Don wrote:mwyoung wrote:Odeus37 wrote:The CCRL 40/40 rating you are refering to is irrelevant : only 53 games yet for Houdini Tactical...
http://www.computerchess.org.uk/ccrl/40 ... t_all.html
Code: Select all
Name Rating Elo+ Elo- Score Average Opponent Draws Games
Houdini 3 Tactical 64-bit 3252 +70 −68 65.1% −98.0 50.9% 53
Houdini 3 64-bit 3221 +20 −19 64.4% −106.7 41.3% 750
It is not irrelevant to CCRL, they publish the data and rating.
The results themselves are not irrelevant to the question to the thread. Is Houdini 3 Tactical the Strongest Chess Engine? Since you do not need 100's of games to answer this question. You only need 100's or 1000's of games if the elo's are very close, or if you are trying to get very exact elo ratings.
Actually you tens of thousands of games if the ELO's are close. For tactics you probably need thousands of positions unless the difference is very clear.

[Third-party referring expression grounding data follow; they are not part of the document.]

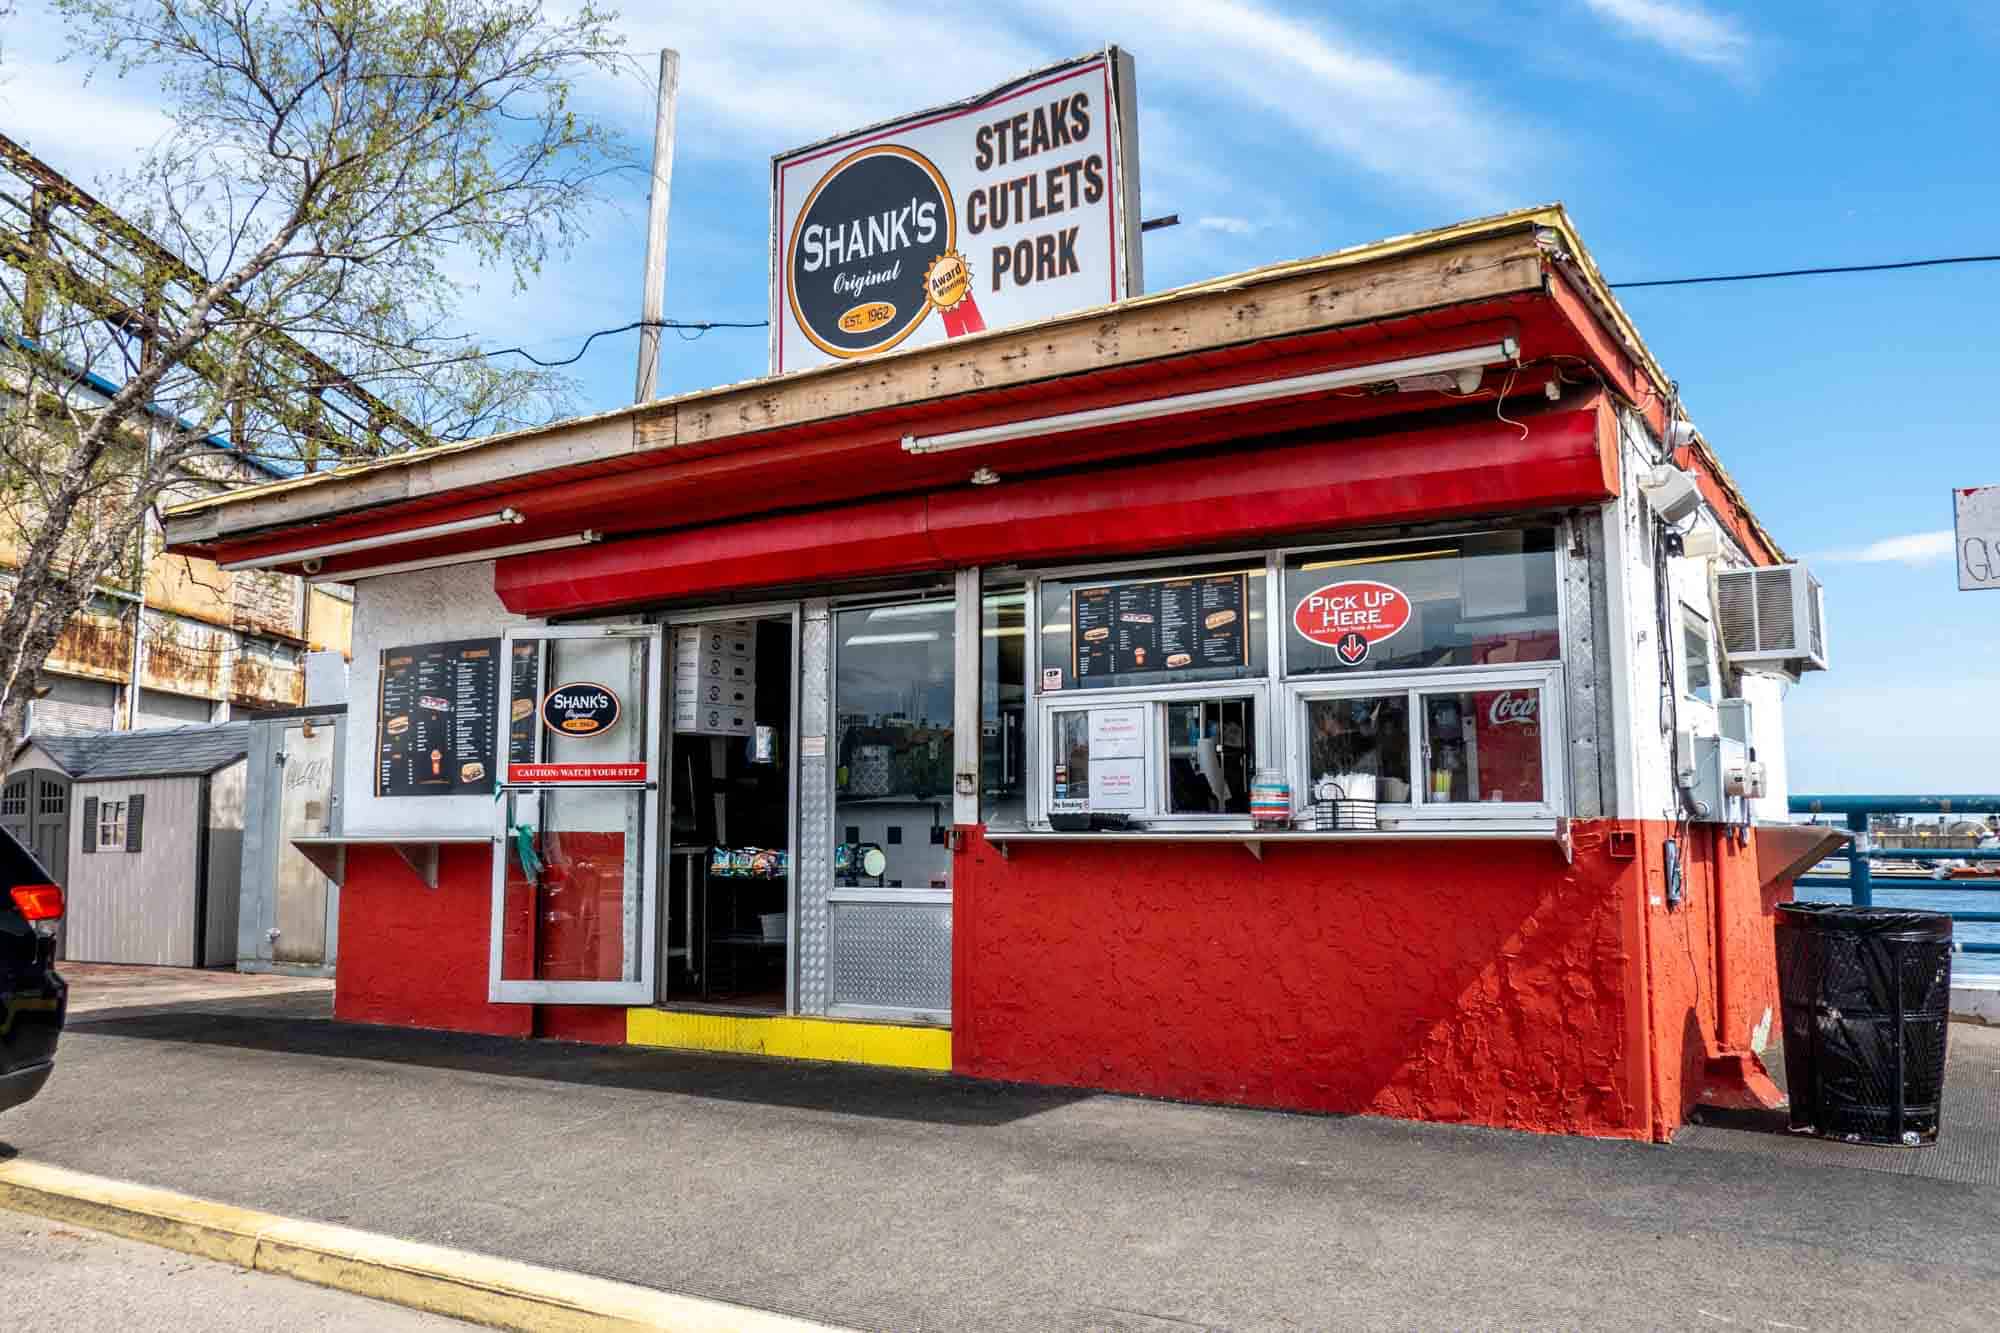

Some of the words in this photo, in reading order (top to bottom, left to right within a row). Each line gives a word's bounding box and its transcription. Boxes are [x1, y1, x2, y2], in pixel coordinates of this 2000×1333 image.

[975, 92, 1091, 172] STEAKS
[966, 154, 1104, 235] CUTLETS
[803, 197, 937, 272] SHANK'S
[991, 226, 1080, 292] PORK
[833, 260, 901, 297] Original
[932, 262, 962, 290] Award
[937, 276, 965, 297] Winning
[867, 305, 889, 322] 1962
[1308, 595, 1359, 613] PICK
[1363, 591, 1395, 608] UP
[1322, 609, 1382, 626] HERE
[554, 692, 609, 709] SHANK'S
[517, 768, 559, 777] CAUTION:
[560, 768, 591, 777] WATCH
[592, 767, 617, 776] YOUR
[618, 767, 640, 776] STEP

What we are asking Is Houdini 3 Tactical the Strongest Chess Engine? If we don't care by the exact amount, the data is very relevant.

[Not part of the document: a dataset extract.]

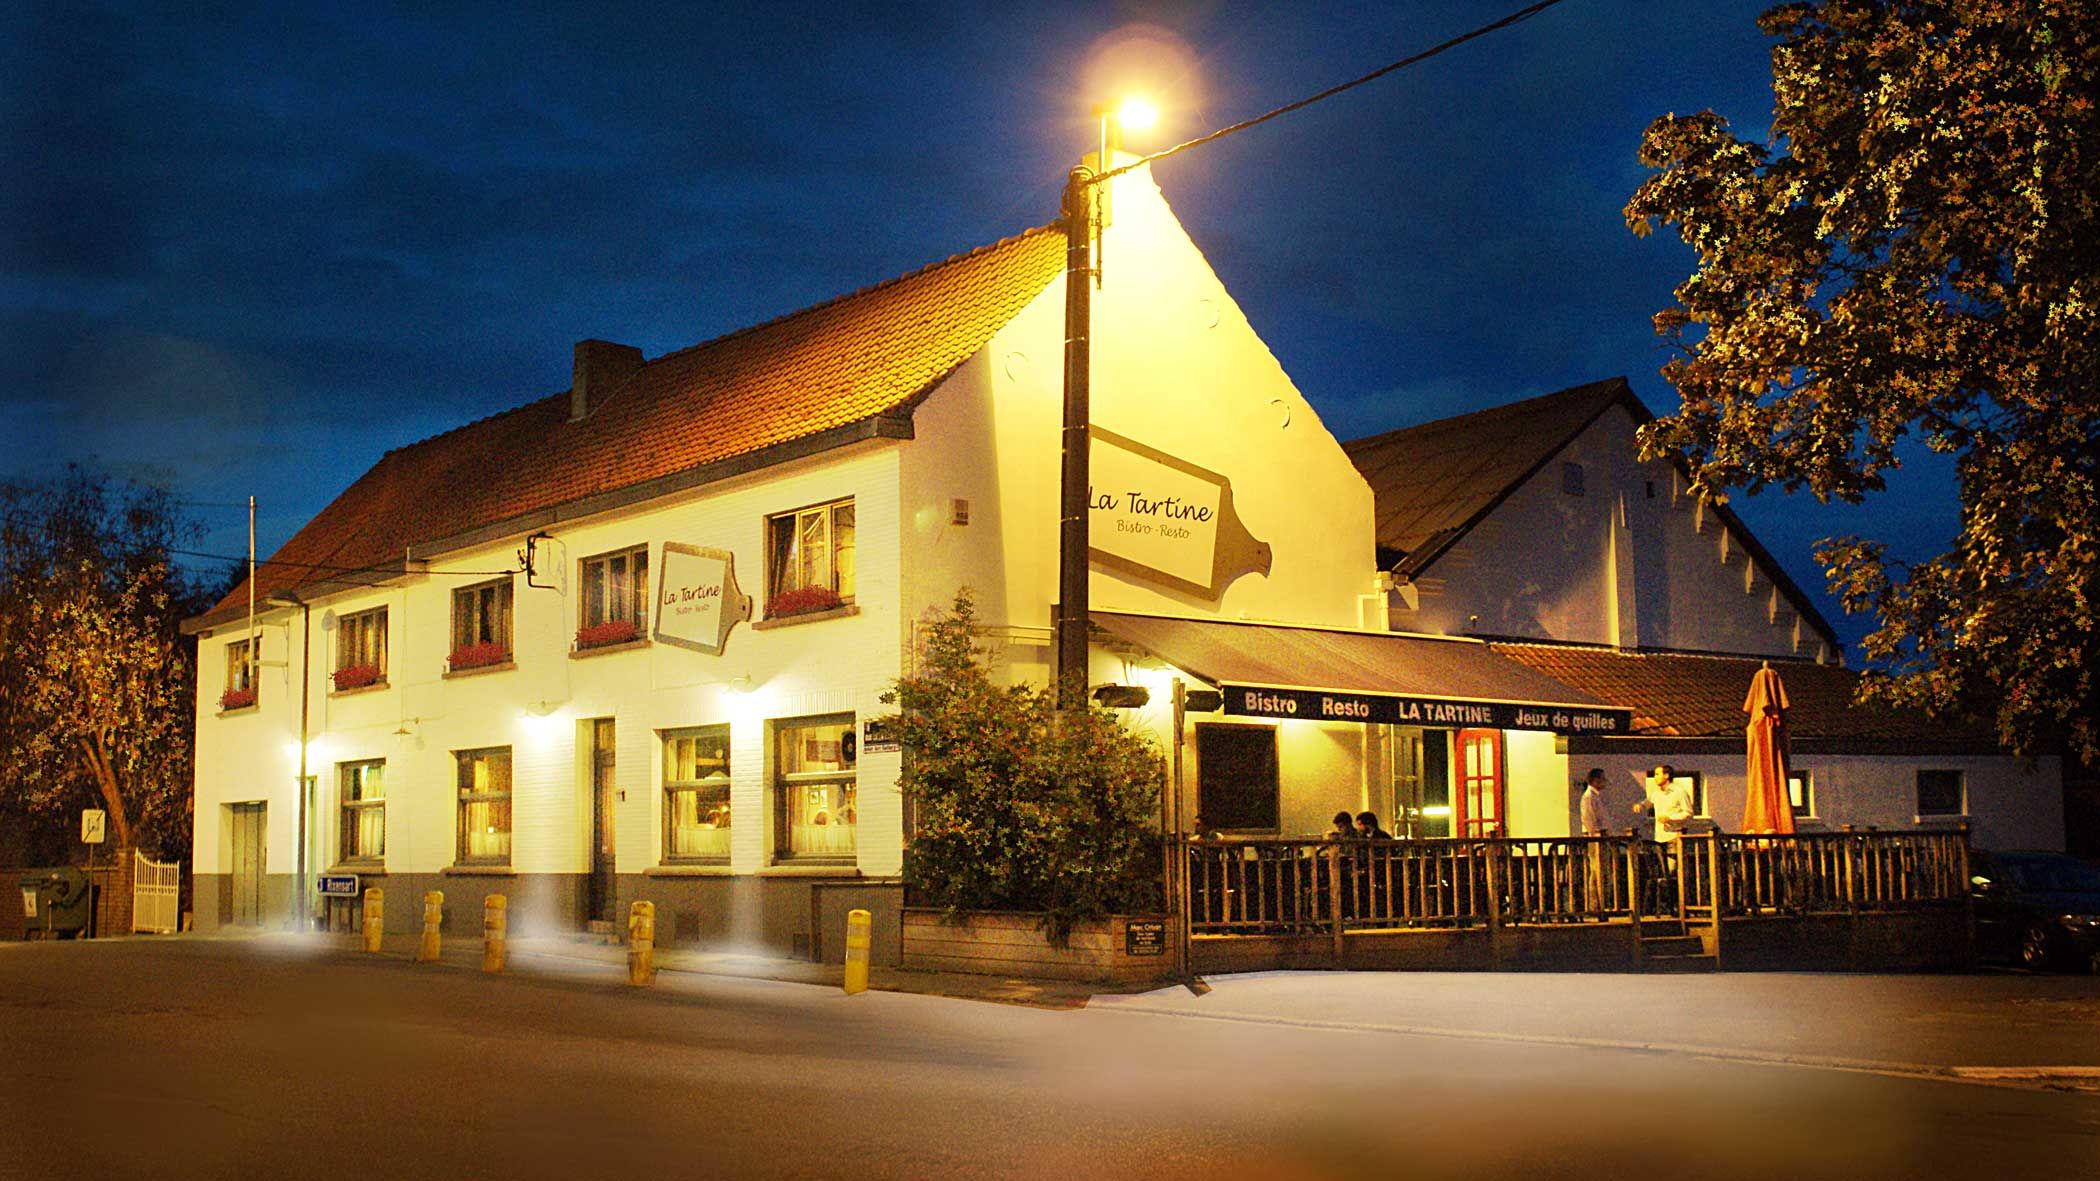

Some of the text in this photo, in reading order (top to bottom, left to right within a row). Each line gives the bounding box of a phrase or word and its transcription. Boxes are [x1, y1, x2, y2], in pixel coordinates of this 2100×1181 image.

[1088, 486, 1214, 522] La Tartine
[1116, 519, 1152, 535] Bistro
[663, 584, 721, 605] La Tartine
[1245, 692, 1616, 731] Bistro Resto LA TARTINE Jeux de quilles

Even with only 50 games and since the elo difference is not very close, you can say even after 50 games that is much more likely that Houdini 3 Tactical is stronger at 40/40 then Houdini 3. We just can't have high confidence in the exact value after 50 games.

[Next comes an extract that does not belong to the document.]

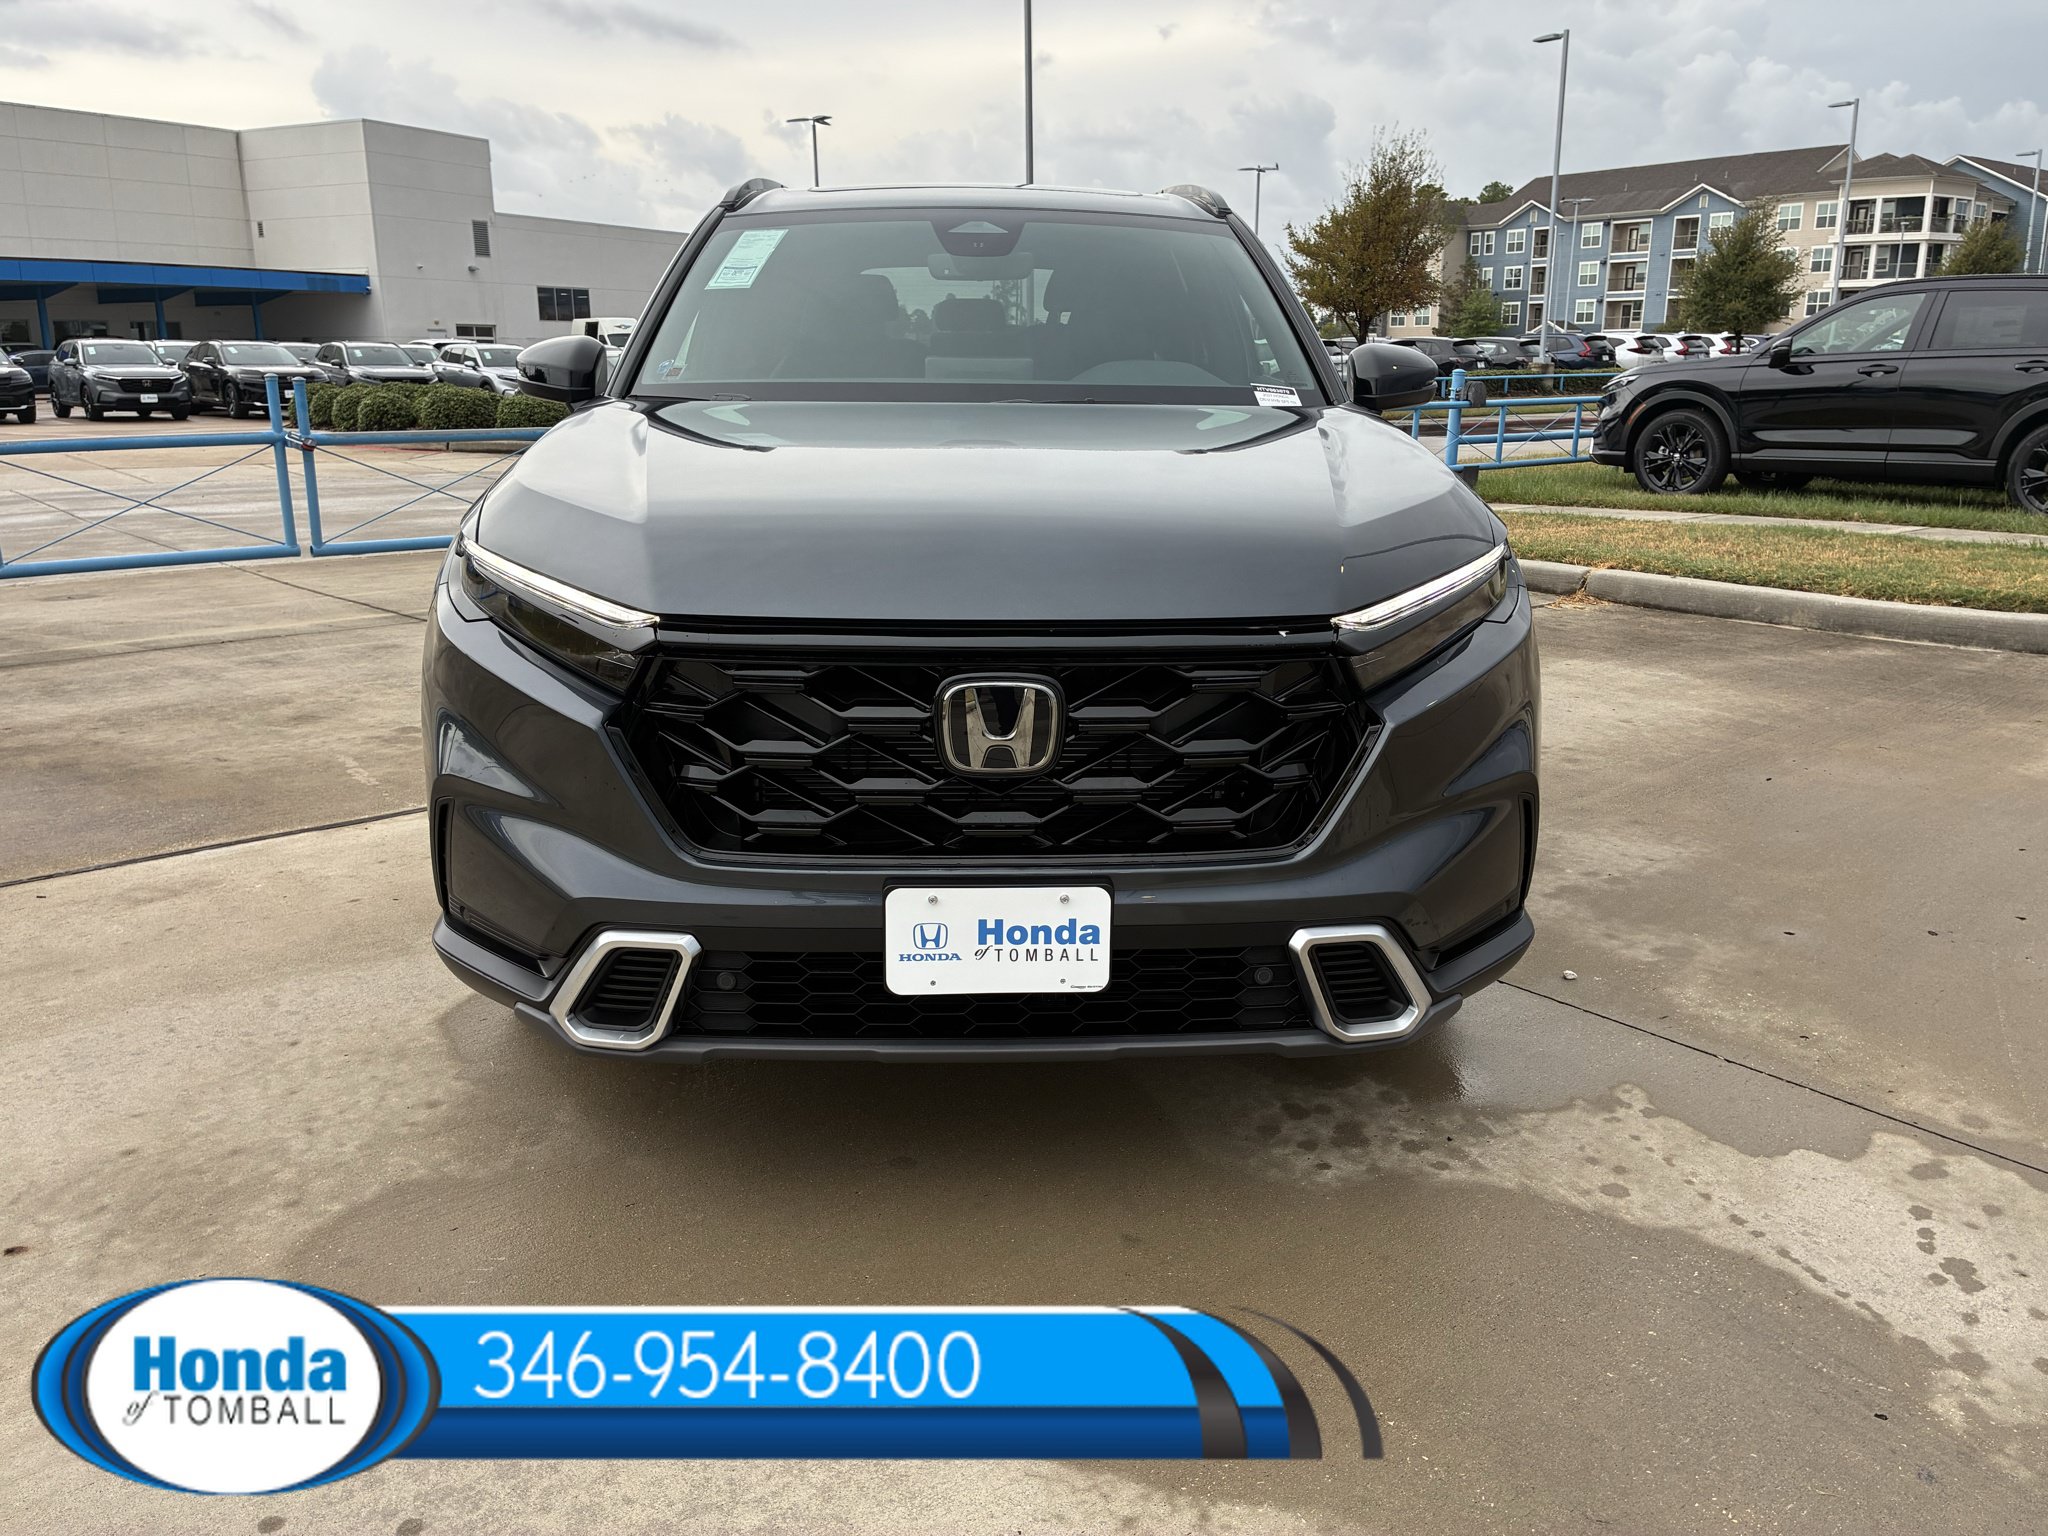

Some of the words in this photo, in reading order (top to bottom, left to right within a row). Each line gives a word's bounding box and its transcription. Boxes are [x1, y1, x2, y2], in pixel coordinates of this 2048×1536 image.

[977, 918, 1101, 945] Honda
[899, 952, 962, 962] HONDA
[974, 944, 993, 961] of
[994, 947, 1099, 962] TOMBALL

I seriously doubt we can get a legitimate answer to the question of which program is best tactically. We have to define tactics and we usually go by how it does on some tactical test suite and the value of that I have doubt in. It's probably a good starting guess however. In other words it is hard to get a "number" that we can clearly agree means something.
No one is asking which program is best tactically, for what ever people think that means.
We are asking which program plays the overall strongest chess game at longer time controls.
CCRL Rating data right now suggest it is more likely then not, and that is all that can be said after 53 games. That Houdini 3 Tactical may play the stronger game at longer time controls of 40/40. Using the CCRL Rating testing protocol.
The understanding of statistics is not well understood by many here. Some think you not say anything about the rating data unless many hundreds or thousands of games have been played.
What is important is the question you are trying to answer with the existing data.
And extreme example of this would be if I wanted to know if program A is stronger then program B. And I don't care by how much. I can get an answer to this question in as little as 7 games with very good confidence. If program A beats program B 7-0 for example. This is a statistically meaningful result to answering that question. And in this example I can say with high confidence that program A is the stronger program.
But many here only see that it takes many hundreds or thousands of games to answer any rating questions.
In the human chess rating world this we be laughable, no one goes around saying GM Carlsen is not proven to be the best rated player because he has not played many thousands of games. And I certainly don't go around saying I could be the strongest player in the world, because I have not played GM Carlsen enough games yet. That is not how the ratings system was intended to work. With everything at 99.99...% confidence
"Fun fact: Over 10 million chess games were played for the development and tuning of Houdini 3!"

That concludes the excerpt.